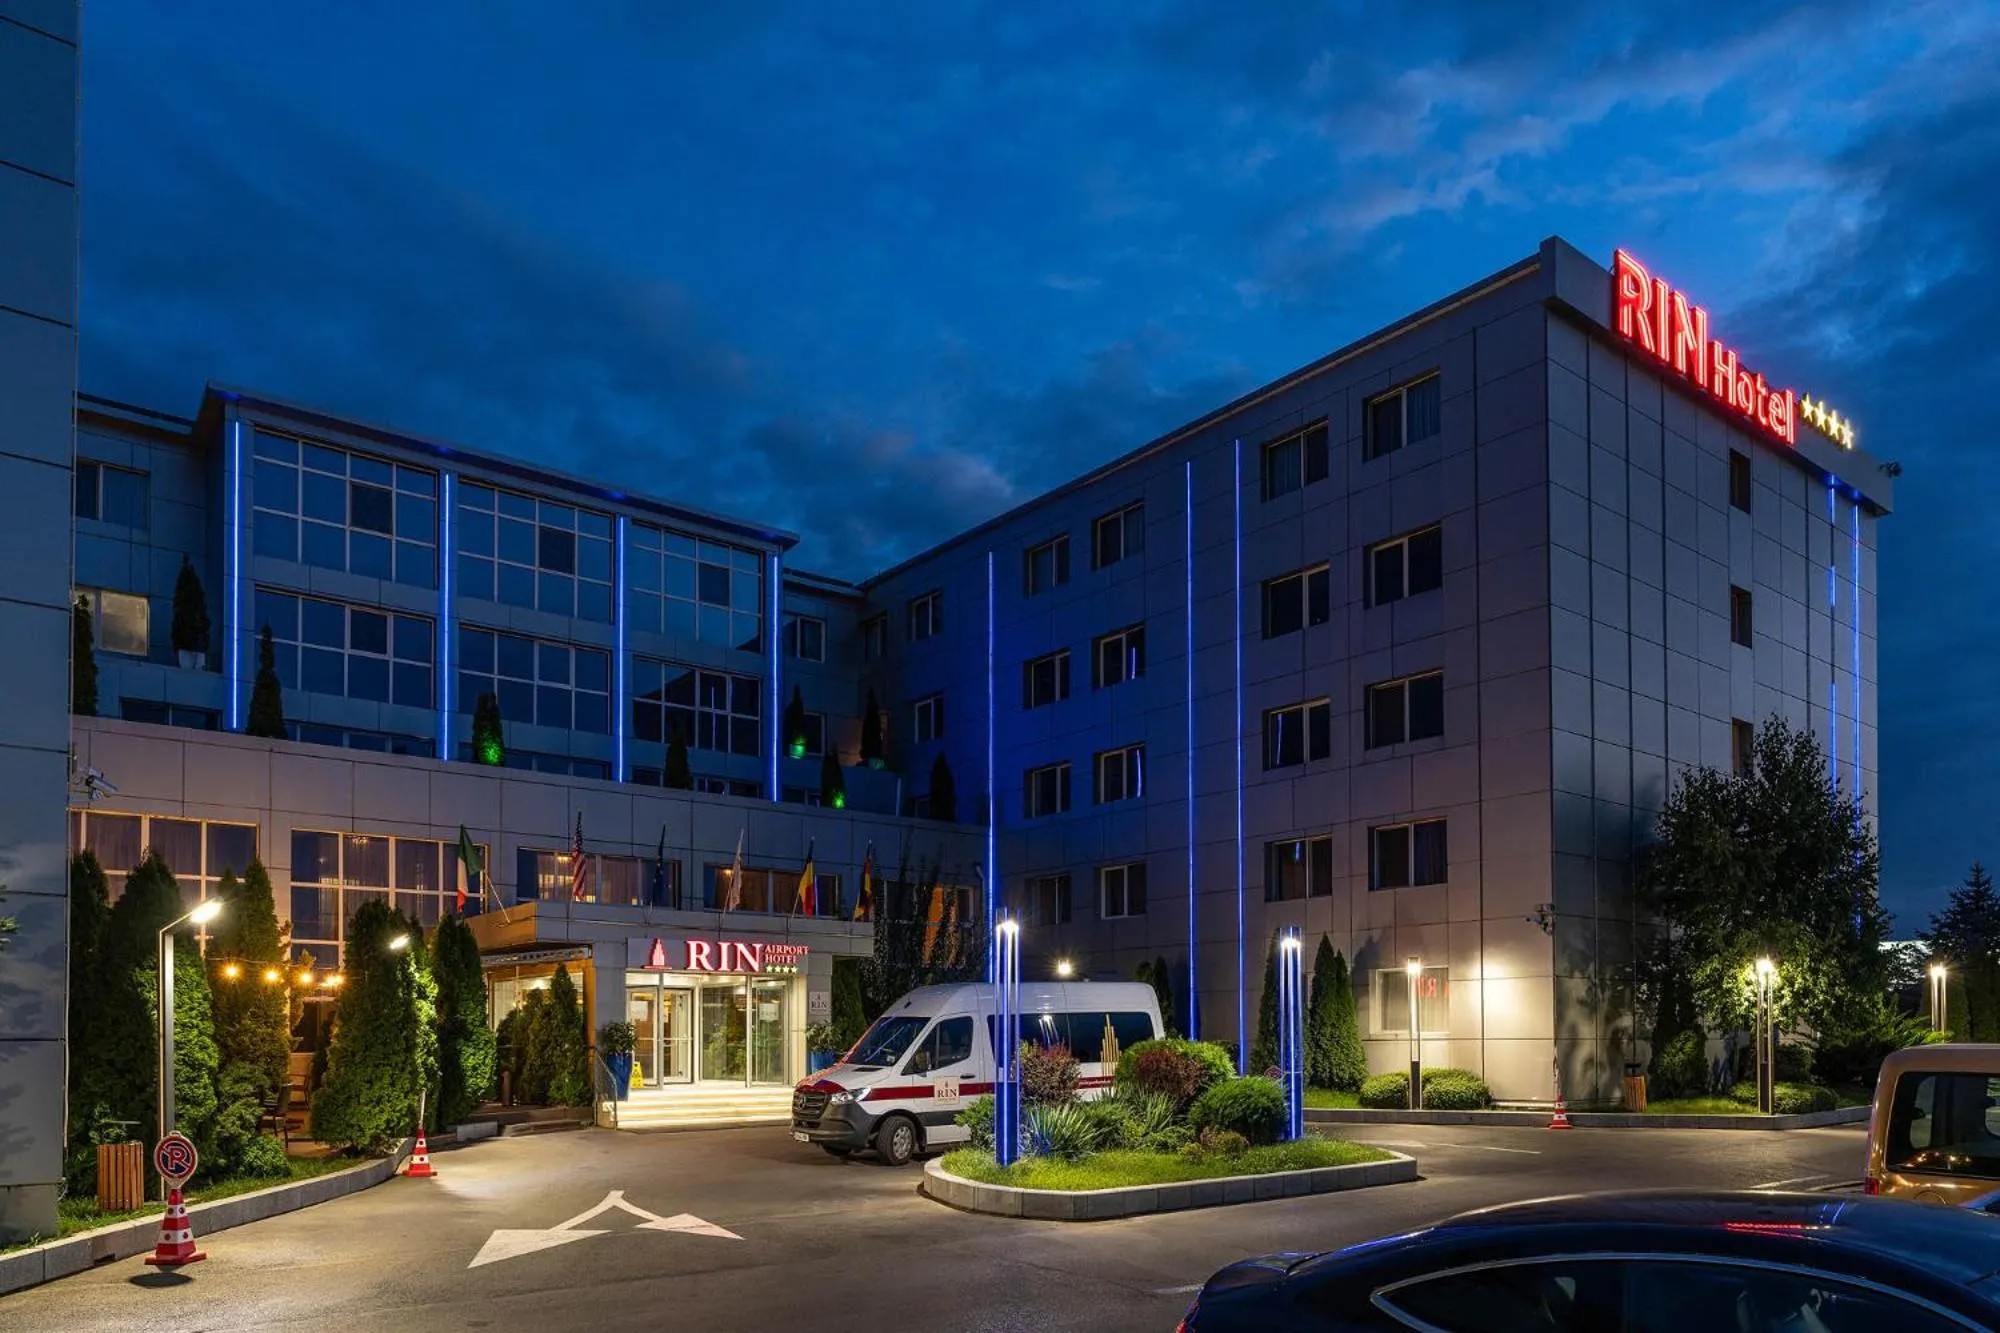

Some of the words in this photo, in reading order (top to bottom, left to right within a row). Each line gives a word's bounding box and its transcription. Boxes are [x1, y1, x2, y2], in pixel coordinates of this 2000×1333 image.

[1613, 249, 1708, 391] RIN
[1710, 339, 1797, 448] Hotel
[686, 939, 763, 973] RIN
[764, 944, 809, 956] AIRPORT
[764, 953, 798, 965] HOTEL
[811, 1001, 828, 1009] RIN
[937, 1088, 957, 1098] RIN

══════

Every line above should be copied exactly; do not carry over the pictures.

Some of the words in this photo, in reading order (top to bottom, left to right within a row). Each line gives a word's bounding box and its transcription. Boxes are [x1, y1, x2, y2], in pixel coordinates of this 2000×1333 image.

[1613, 249, 1708, 391] RIN
[1710, 339, 1797, 448] Hotel
[686, 939, 763, 973] RIN
[764, 944, 809, 956] AIRPORT
[764, 953, 798, 965] HOTEL
[811, 1001, 828, 1009] RIN
[937, 1088, 957, 1098] RIN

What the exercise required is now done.